Баралис одернул себя — он не любил упиваться успехом. Мелочи — вот что решает все.

— А кто же будет защищать Брен? Перевалы могут очиститься, и Аннис мигом перейдет через Рубеж.

Кайлок и об этом подумал.

— Здесь остается около двух тысяч раненых черношлемников — половина из них наверняка оправится и вновь станет в строй. Те, что не смогут драться сами, будут обучать других. Я хочу как следует вооружить всех мужчин в городе — наемников, ремесленников, торговцев и крестьян — и через месяц сделать из них настоящих солдат. Я уже отдал приказ по всем городским кузням ковать доспехи и оружие.

— Велите им первым делом готовить вороненые шлемы. Северяне приучены бояться черношлемников. Зрелище пяти, допустим, тысяч солдат в черных шлемах способно порядком смутить неприятеля.

— Баралис, — улыбнулся Кайлок, — вы, как всегда, ухитряетесь усовершенствовать даже самый лучший план.

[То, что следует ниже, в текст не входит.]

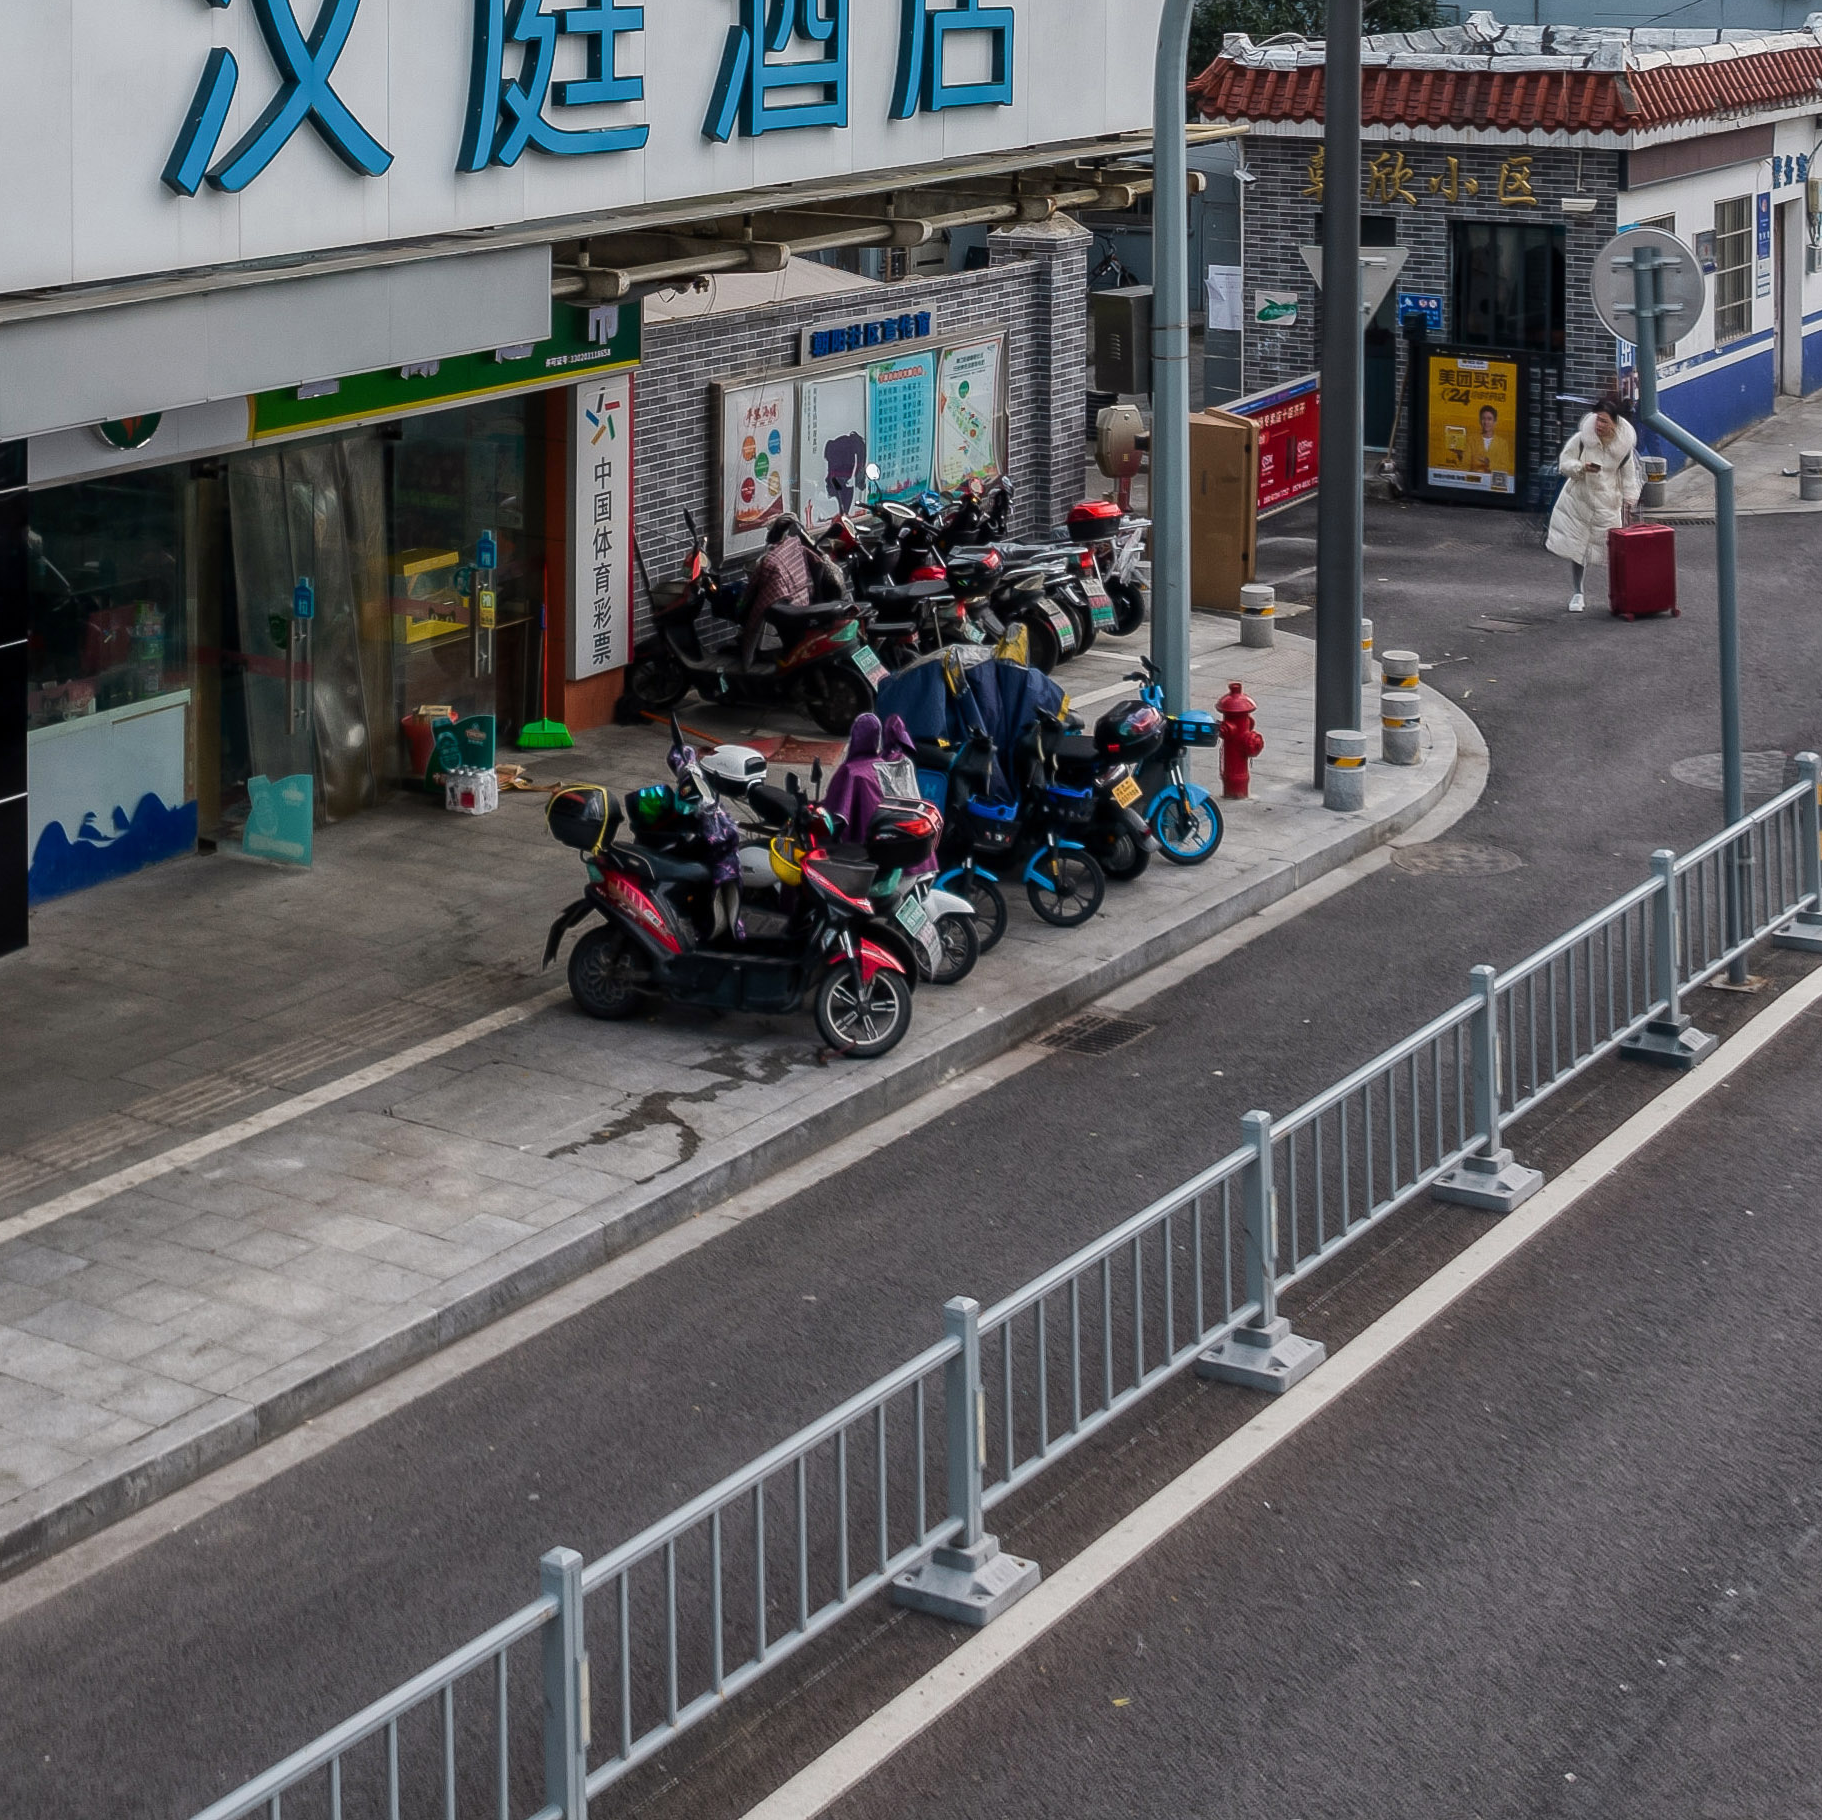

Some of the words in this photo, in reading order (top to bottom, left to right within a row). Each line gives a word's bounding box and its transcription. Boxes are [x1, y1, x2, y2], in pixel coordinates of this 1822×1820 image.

[1439, 368, 1508, 392] 美团买药
[591, 456, 613, 666] 中国体育彩票

— Впрочем, мы можем легко держать осаду месяц, а то и больше. Бренские укрепления не имеют себе равных.

— Да, нам следует поблагодарить за это старого герцога. — Кайлок направился к двери, ведущей вниз. — Кстати, Мейбора тоже можно не опасаться. Я выслал отряд к подножию южных гор. Если Мейбор еще жив и у него остались люди, вниз они все равно спуститься не смогут.

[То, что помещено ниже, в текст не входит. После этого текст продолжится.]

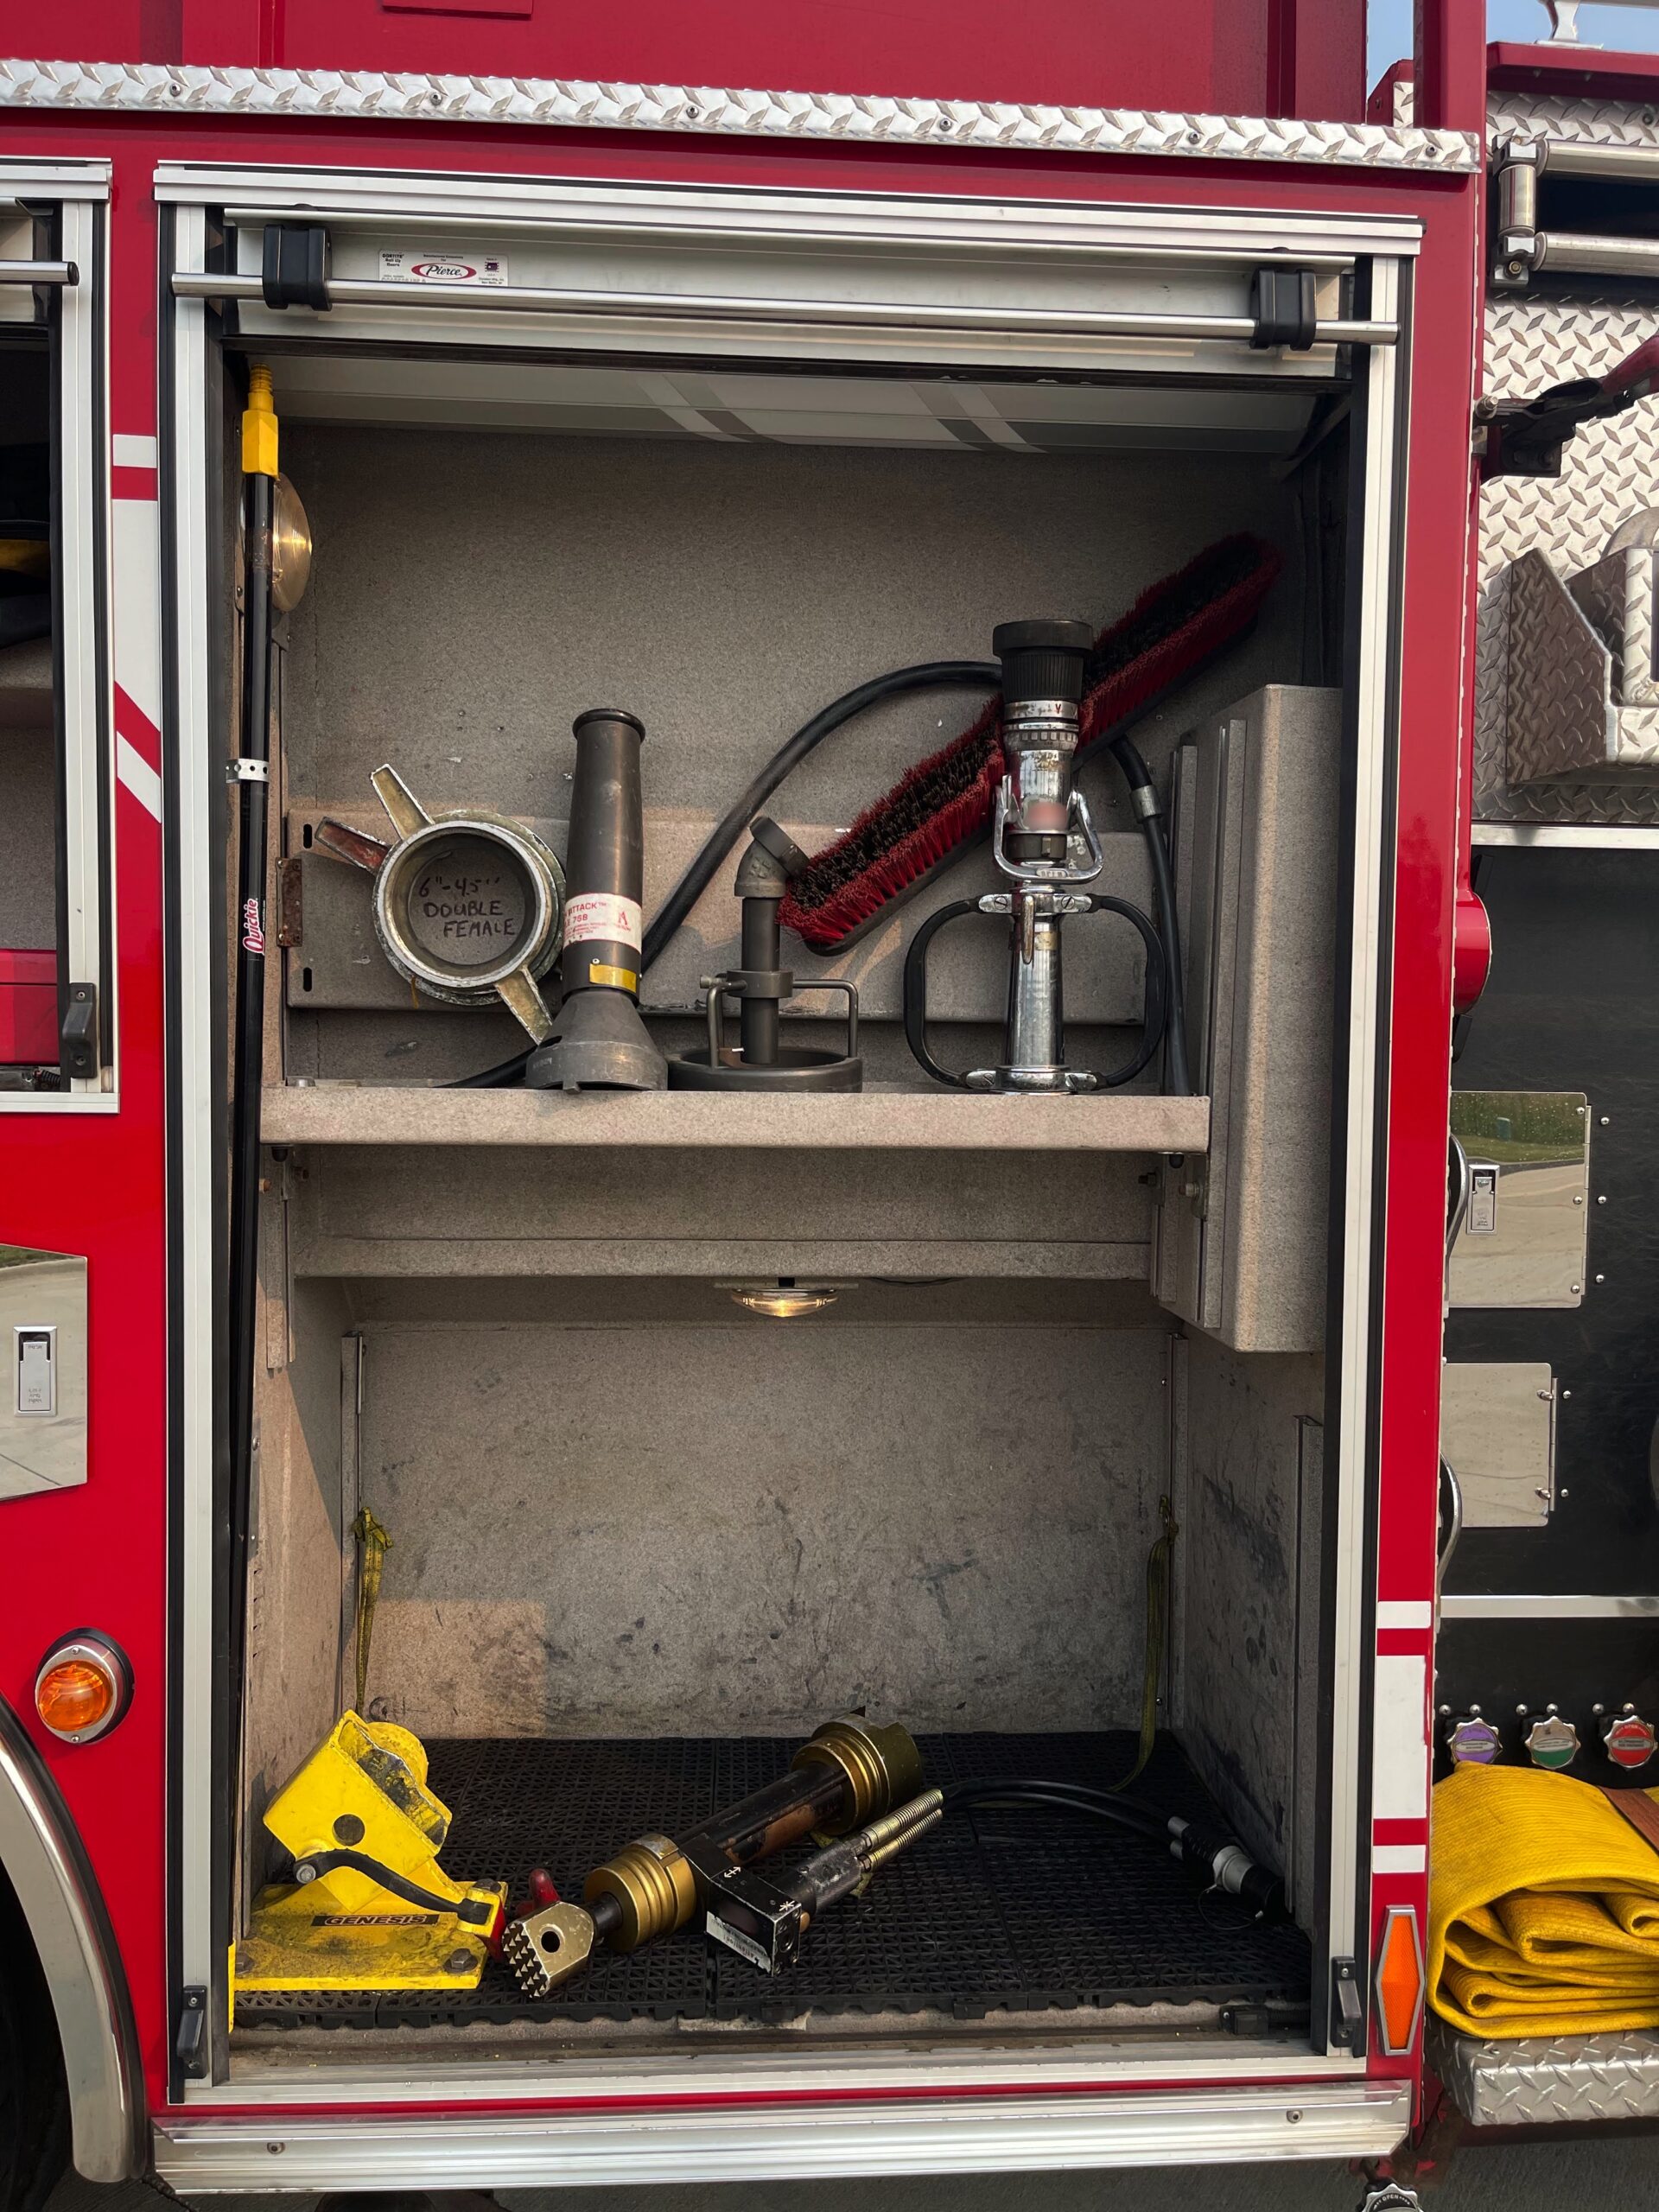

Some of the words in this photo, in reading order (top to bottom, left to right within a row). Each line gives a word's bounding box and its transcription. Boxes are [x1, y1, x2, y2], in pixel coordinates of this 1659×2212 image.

[426, 264, 461, 276] Pierce
[423, 900, 503, 918] DOUBLE
[243, 899, 264, 954] Quickie
[443, 918, 515, 938] FEMALE
[325, 1915, 427, 1926] GENESIS

Холод был точно хворь. Он поражал мысли, движения, речь и даже разум. Он поражал самую душу. Метель наконец утихла, но тишина эта далась дорогой ценой. За ночь резко похолодало, и день почти не принес облегчения. Снег смерзался, утрачивая рыхлость и превращаясь в плотную стену вокруг них. Вчера из скал еще сочилась вода — нынче она застыла блестящими сосульками.

Мейбор охотно не дышал бы. Морозный воздух леденил легкие, медленно убивая его.

Он уже совсем не чувствовал трех пальцев на левой руке и двух — на правой. Он еще держал меч, но знал, что никогда уже не сможет орудовать им. Главной задачей сейчас было сохранить оставшиеся пальцы. Он постоянно держал руки под своим алым шелковым камзолом.

Двести человек, одолеваемые зимней стужей, жались к твердому хребту горы. Многие лошади пали. Одну из них сейчас жарили на костре. Люди давно махнули рукой на опасность, сопряженную с дымом.

Четыре дня назад они обнаружили в скале обширную, но неглубокую выемку. Укрытие было слишком мелким, чтобы называться пещерой, но они все-таки заняли его. Те, кто был в силах, строили из снега стену в устье ниши. Теперь стена занимала около четверти всей ширины входа и достигла предельной высоты, при которой могла стоять и не рушиться. Солдаты трудились в глубине выемки, пытаясь выломать несколько камней и подпереть ими стену. Мейбор видел эти камни и понимал, что ничего у ребят не выйдет. Придется по-прежнему терпеть леденящий ветер.

Впрочем, надо сказать Грифту, чтобы собрал все лишние панцири и щиты — ими тоже можно укрепить стену.

— С полудня умерло еще пятеро, ваша милость, — доложил молодой солдат, присев на корточки рядом с Мейбором.

— Разденьте их, покуда одежда не примерзла к телам.

— Но, ваша милость…

— Делай что велят! — прошипел Мейбор. — Что ж теперь, и всем остальным замерзать из уважения к мертвым?

Солдат отошел, понурив голову.

Мейбор знал, о чем все они думают: уж лучше погибнуть в бою, чем замерзать в горах. Ни один не смел высказать это вслух, но Мейбор читал невысказанное в их глазах. Они жалели о том, что отступили. Правая рука Мейбора сжалась в подобие кулака. Будь они прокляты! Он заставит их выжить вопреки им самим.